DDR-Spieler begehrt "wie heiße Semmeln"

Wie sollte man bei diesen politischen Wirren eine Mannschaft konzentriert auf das letzte entscheidende Spiel in Wien gegen Österreich vorbereiten? Ein Unding, das wusste auch der damalige Trainer Eduard Geyer, der mit Matthias Sammer, Ulf Kirsten und Andreas Thom hochbegabte Spieler in seinen Reihen hatte. Auch Geyer vermutete nach dem Mauerfall: Diese Jungs sind nicht mehr im Osten zu halten.
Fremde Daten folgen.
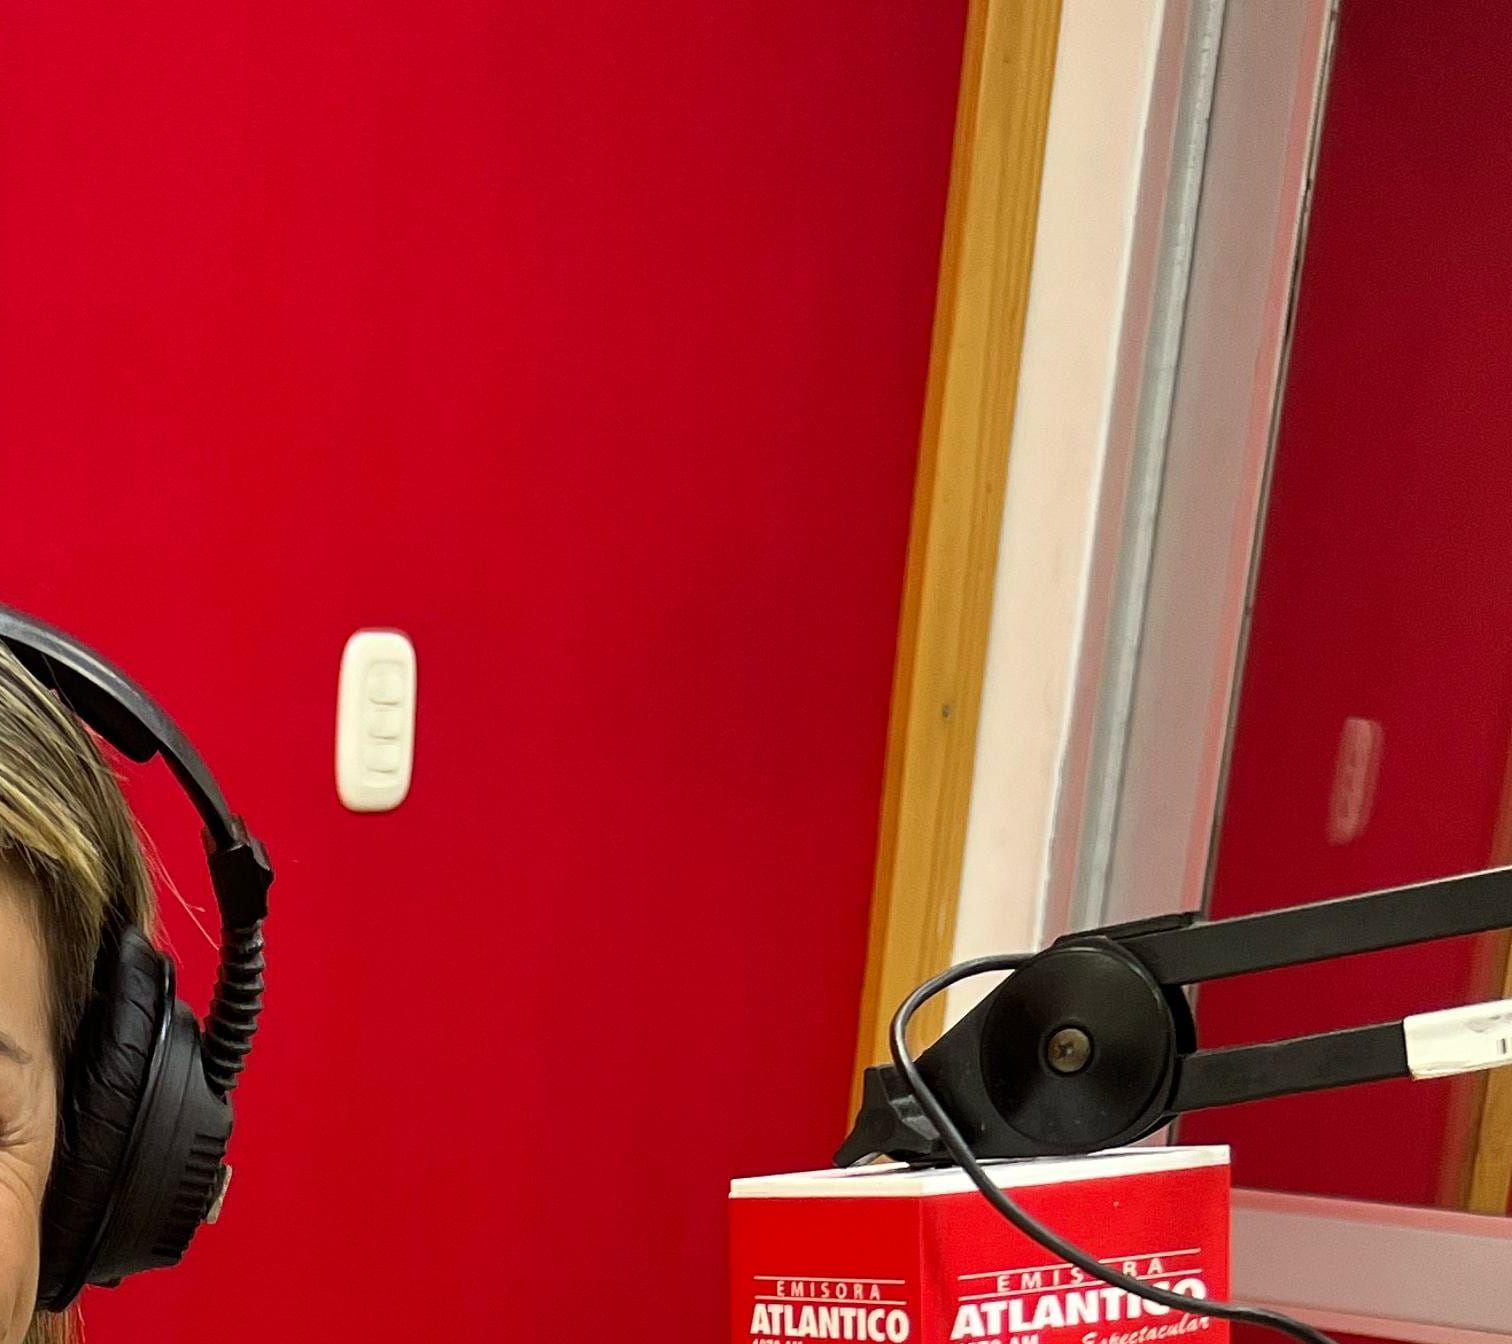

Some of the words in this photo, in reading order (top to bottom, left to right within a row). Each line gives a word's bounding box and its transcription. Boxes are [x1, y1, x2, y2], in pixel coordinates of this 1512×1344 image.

Das Spiel im Wiener Prater-Stadion wurde 0:3 verloren, dreimal sah der Leipziger Verteidiger Matthias Lindner gegen den dreifach Torschützen Toni Polster alt aus. Und: Der schwergewichtige Leverkusener Manager Rainer Calmund, der zeitgleich beim ebenfalls entscheidenden WM-Qualifikationsspiel der Bundesrepublik in Köln gegen Wales auf der Tribüne saß, wartete sehnsüchtig auf den Anruf eines Freundes. Der kam als Fotograf getarnt im Wiener Prater-Stadion ganz nah an die DDR-Spieler heran und tauschte fleißig Kontaktadressen aus. Andreas Thom und Co. waren begehrt "wie heiße Semmeln". Wenige Tage später wechselte der Berliner Thom vom Serienmeister BFC Dynamo als erster deutsch-deutscher Transfer zu Bayer 04 Leverkusen.

Viele gehen Richtung Westen

Rainer Calmund hatte Thom geholt, Ulf Kirsten war der nächste und gern hätte man bei der Werkself auch Matthias Sammer gesehen. Das ging freilich schief, der heutige DFB-Sportdirektor landete beim VfB Stuttgart unter Christoph Daum. Dort wurde er am letzten Spieltag deutscher Meister, versuchte später sein Glück bei Inter Mailand, kam kurze Zeit später zurück zu Borussia Dortmund, wurde nationaler Meister und holte die Champions League. 1996 in England war er der spielerische Kopf der Europameister-Mannschaft von Berti Vogts. Der Mauerfall am 9. November hatte DDR-Fußballern die Möglichkeit geboten, erstmals durch ihren Sport viel Geld zu verdienen. Für die Ostclubs führte das zu einer dramatischen Auszehrung ihres Spielerpotentials.

Politik bringt Fußball in Zugzwang

Die rasante Entwicklung beider deutscher Staaten Richtung Einheit brachte auch die beiden Fußballverbände unter Zugzwang. Die Verhandlungen zwischen dem DFB und dem frisch gegründeten Nordostdeutschen Fußball-Verband der DDR gerieten immer stärker unter Zeitdruck. Wie konnte man den DDR-Fußball in ein gesamtdeutsches Spiel- und Vereinssystem integrieren? Wie die DDR-Vereine von Betriebssportgemeinschaften und staatlich finanzierten Sportclubs zu wirtschaftlich selbständigen Vereinen umwandeln? Wie Errungenschaften wie die Kinder-und Jugendsportschulen retten? Noch im April 1990 ließen die beiden Verbände verlauten, die Vereinigung werde frühestens in der Saison 1992/93 erreicht. Aber die politische Annäherung der beiden deutschen Staaten zwang die Fußballfunktionäre einmal mehr, ihre Planungen über Bord zu werfen.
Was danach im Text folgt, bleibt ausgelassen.